Eric Aboaf: Yes. Alex, if you — I think I tend to spend a little more time on the full year to full year kind of servicing fees, it sounds like you’re modeling the last four quarters and then the next four quarters, which obviously model as well, and we have in our budget. It’s really a combination of factors, right. So there is — on a — if you start with fourth quarter of 2022 and then work forward, we expect some appreciation in equity markets. We’ll see if that plays out, and we’ll obviously stay in touch with you all. We think that will be a tailwind. We think client flows and activity, in particular, should not be a headwind like it was in 2022, maybe neutral, maybe a positive just as clients have adapted to this new environment.

And so we see the new year — this new year as a time when they’re going to be trading, investing, building positions. So we’ll see if that plays out, that will be part of it. Then we have net new business. And so we do have a good pipeline both in the traditional servicing and Alpha area. And I think as part of that, we continue to mine our existing client base because the share of wallet growth can be positive there. And then finally, there’s always some amount of normal pricing headwinds, but that’s factored in. But you kind of have to go through those four areas. And remember, we’re assuming some growth in equity markets on a point-to-point basis but we’ll see if that plays out.

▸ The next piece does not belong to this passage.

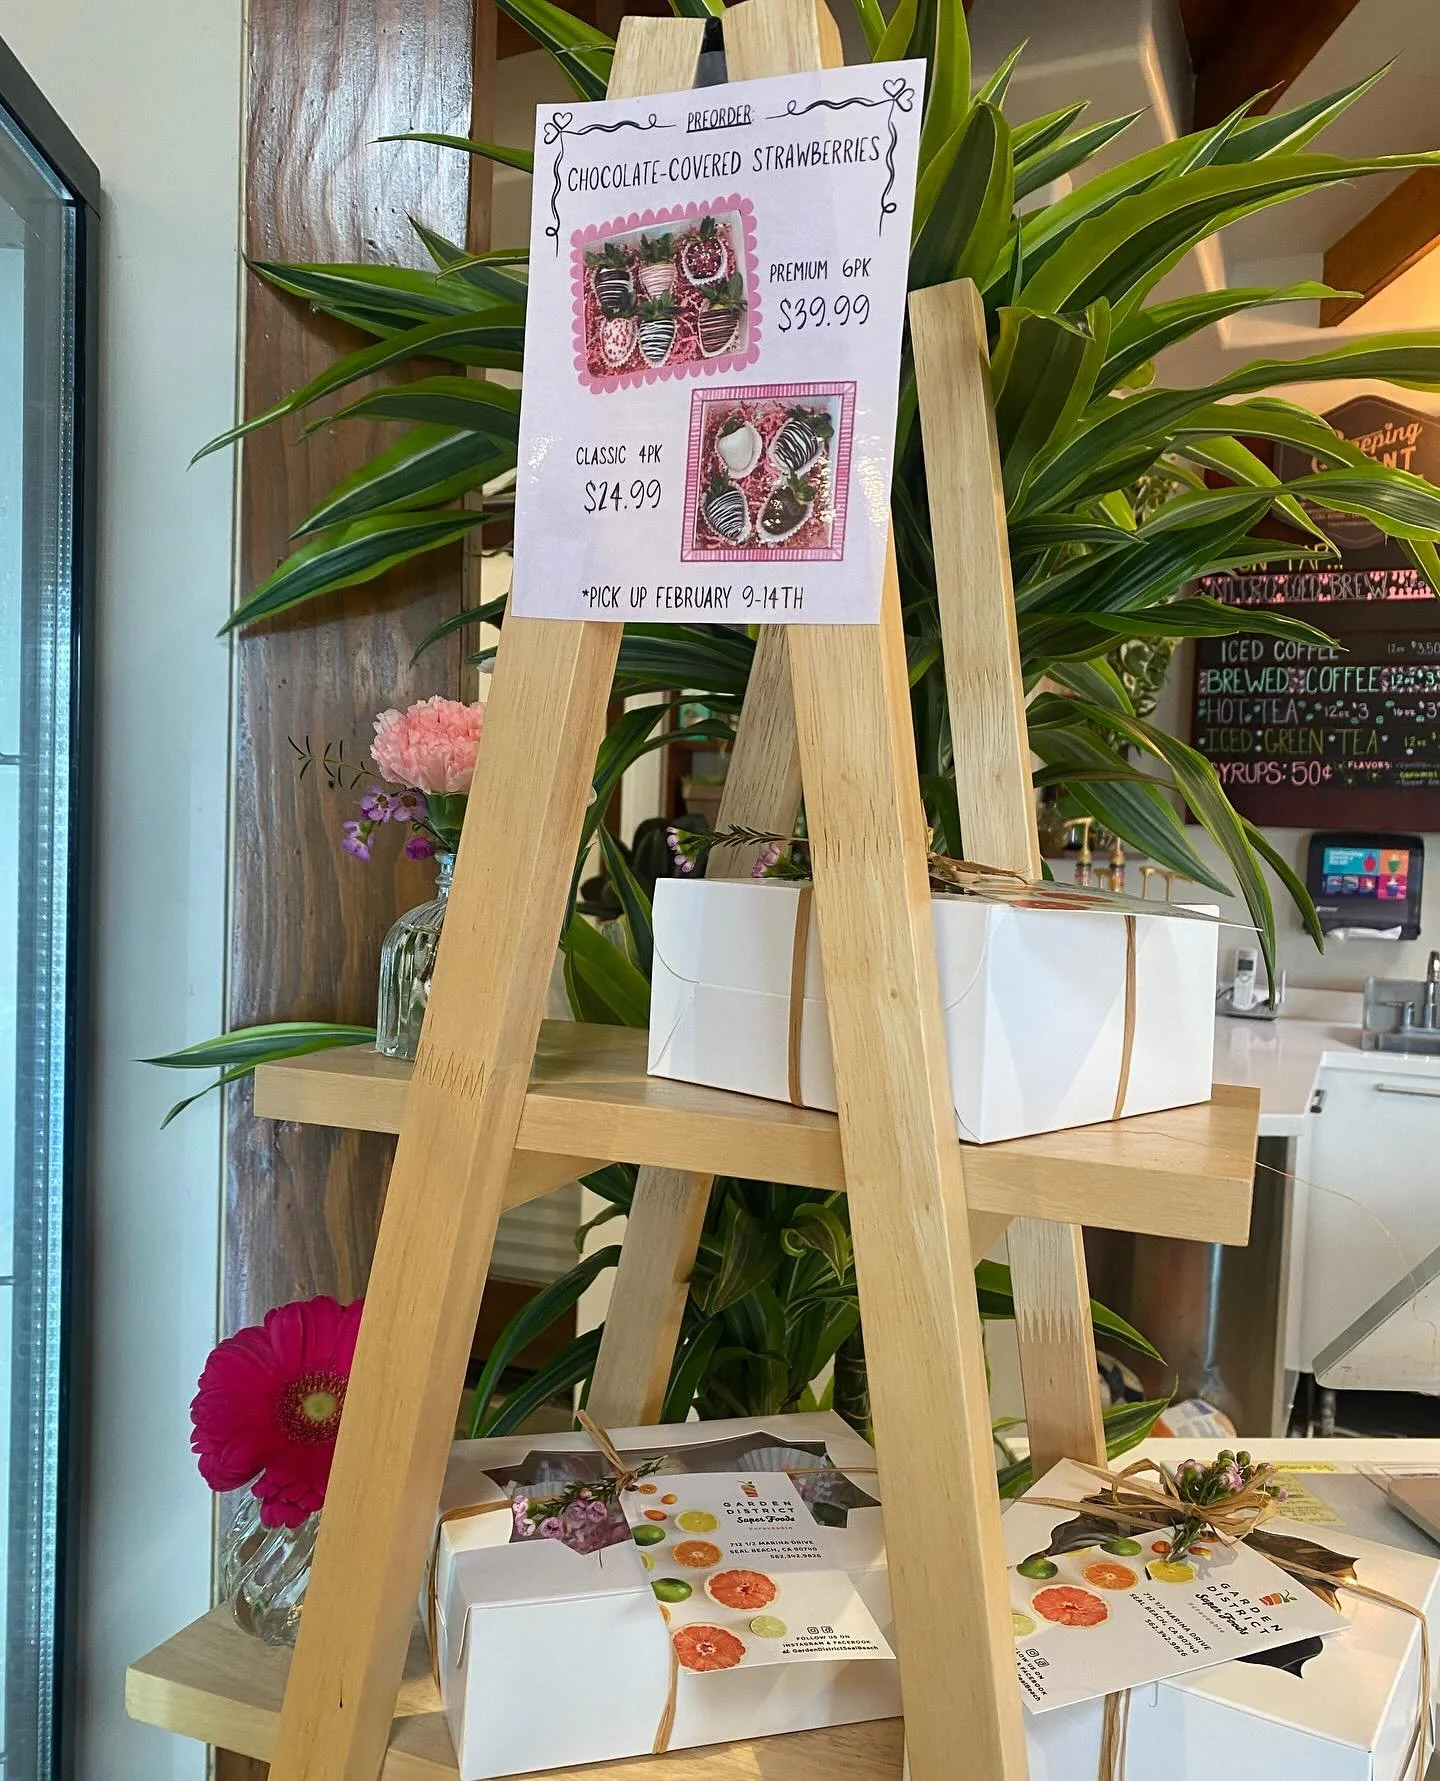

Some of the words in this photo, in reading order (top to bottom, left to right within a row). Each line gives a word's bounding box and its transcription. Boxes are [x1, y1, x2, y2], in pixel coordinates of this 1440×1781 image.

Alexander Blostein: I got you. Alright, that’s helpful. Maybe just a follow-up around the balance sheet strategy. I heard the NII guidance, the deposit commentary all makes sense. When it comes to the tailwinds from sort of repricing the fixed portfolio, the fixed securities portfolio, can you help us frame what the roll-on, roll-off dynamic looks like today? And also whether or not there are some more opportunistic actions you guys might take liqutine with both RFBK and Northern over the last month or so. With respect to just maybe reaccelerate some of the lower-yielding securities roll off into something that might be a little more attractive here.